Rappelons aussi qu'elles ont mis en place avec rapidité le système licence-master-doctorat, dit « LMD », première étape d'un véritable espace universitaire européen.

Mme Valérie Pécresse, ministre. Grâce à Luc Ferry !

M. David Assouline. Mais il faut reconnaître que l'organisation des universités issue de la loi Faure de 1968 et de la loi Savary de 1984 doit être réformée, assouplie, « débureaucratisée ». II est ainsi aberrant de constater que les créations de postes d'enseignants-chercheurs sont exclusivement effectuées en fonction du nombre d'inscriptions dans chaque filière.

Dans ce contexte général, la première urgence, le premier geste gageant une volonté sincère, aurait dû être de soumettre au Parlement dès l'été un collectif budgétaire au bénéfice notamment des universités. Sans cela ? pardonnez-nous de le craindre ?, donner l'autonomie aux établissements peut apparaître comme une façon de transférer la responsabilité de la gestion de la pénurie des moyens sur la seule communauté universitaire.

Car il faut bien parler de pénurie : la dépense moyenne de l'État par étudiant se montait à 6 800 euros en France en 2005 contre 9 000 euros en moyenne dans les autres pays de l'OCDE.

D'ailleurs, madame la ministre, à la suite de l'annonce par votre collègue Xavier Darcos de la suppression de 17 000 postes dans l'éducation nationale au budget de l'an prochain, pouvez-vous dire solennellement devant la représentation nationale que la règle du non-remplacement d'un fonctionnaire sur deux partant à la retraite dans les années à venir ne s'appliquera pas à l'enseignement supérieur et à la recherche ?

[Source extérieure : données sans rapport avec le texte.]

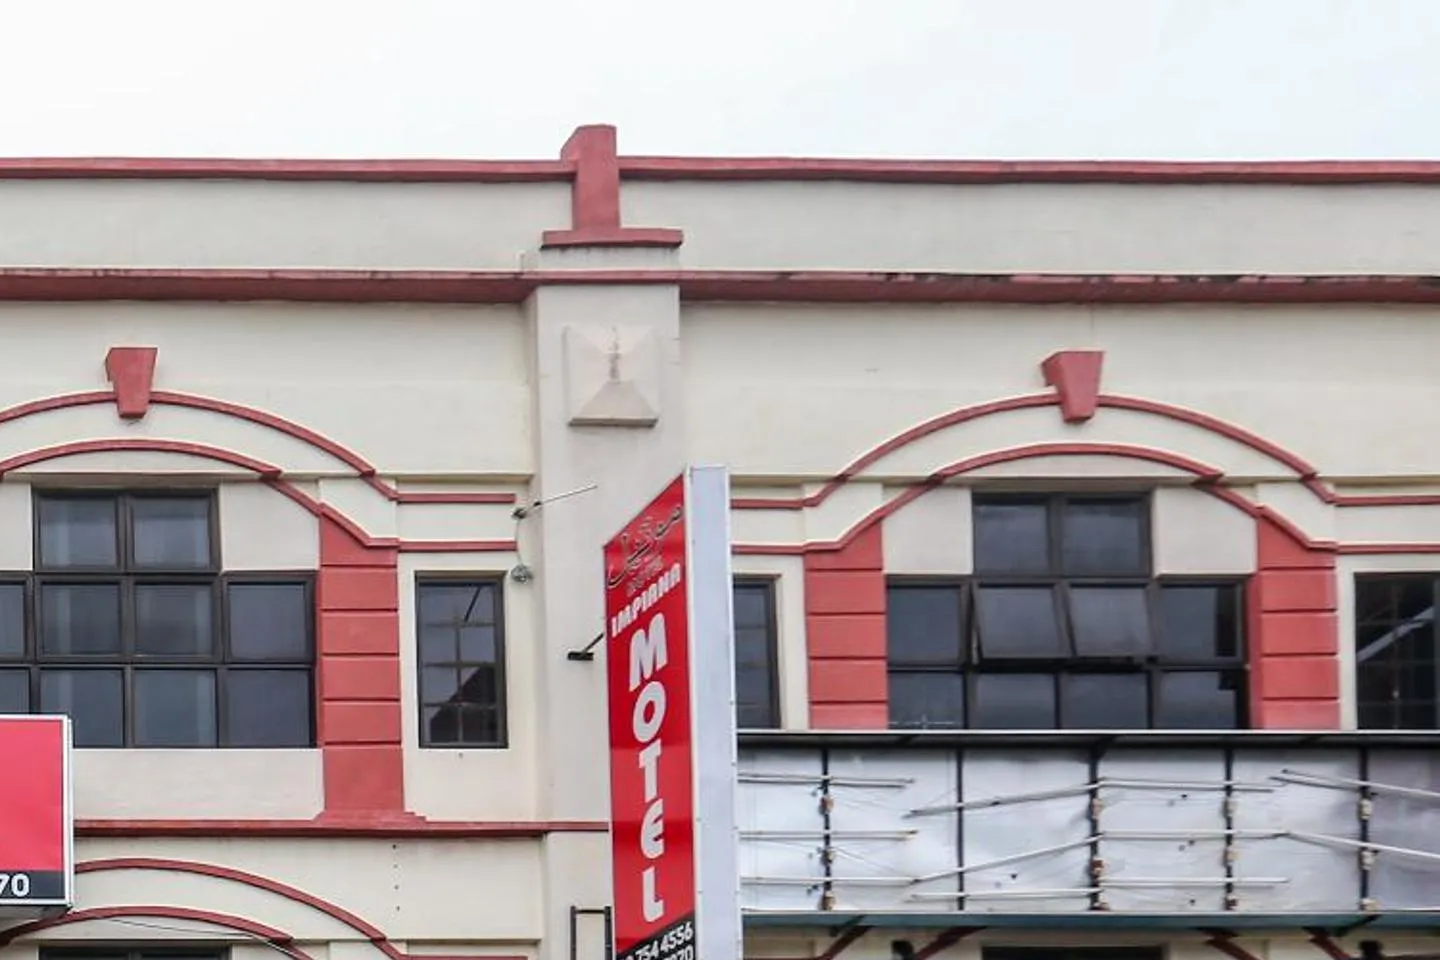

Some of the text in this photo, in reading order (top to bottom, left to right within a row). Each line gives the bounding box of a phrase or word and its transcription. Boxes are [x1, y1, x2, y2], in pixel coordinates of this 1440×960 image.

[611, 562, 681, 638] IMPIANA
[628, 612, 668, 922] MOTEL
[660, 920, 694, 953] 4556

Plus généralement, comme Ségolène Royal l'affirmait dans son Pacte présidentiel (Exclamations ironiques sur les travées de l'UMP), ...

M. Éric Doligé. Les Français n'en ont pas voulu !

M. David Assouline. ...l'enjeu est d'assurer à notre université les moyens de l'excellence et, sur cette base seulement, de chercher à savoir comment les universités pourraient mieux fonctionner en interne, notamment avec plus d'autonomie. C'est pourquoi il aurait fallu dès maintenant travailler à un projet de loi de programmation pluriannuelle visant à donner à l'université les moyens de cette excellence.

M. Éric Doligé. Encore fallait-il se faire élire d'abord !

M. David Assouline. Telle est d'ailleurs la principale revendication qui ressort de résolutions qui vous ont été adressées ces derniers jours, madame la ministre, par nombre de conseils d'administration d'université.

Ce projet de loi de programmation aurait été construit autour de cinq priorités : premièrement, l'augmentation de 10 % par an pendant cinq ans du budget de l'enseignement supérieur et de la recherche, l'objectif étant que la dépense publique en sa faveur atteigne 3 % du produit intérieur brut ; deuxièmement, la lutte contre l'échec en premier cycle et la précarité des conditions de vie de beaucoup d'étudiants ; troisièmement, la valorisation des jeunes chercheurs, notamment en apportant des garanties de carrière aux doctorants ; quatrièmement, l'amélioration de la gouvernance par l'octroi de responsabilités supplémentaires aux établissements en contrepartie d'un approfondissement de la démocratie ; cinquièmement, enfin, l'évaluation régulière des établissements d'enseignement supérieur, de leur gestion et de leurs résultats, par l'État.

Par ailleurs, nous tenons à réaffirmer que la réponse à l'échec dans les premiers cycles universitaires ne réside pas dans plus de sélection, mais passe par mieux d'orientation aux moments décisifs du parcours de chaque étudiant - entrée dans l'enseignement supérieur, obtention de la licence.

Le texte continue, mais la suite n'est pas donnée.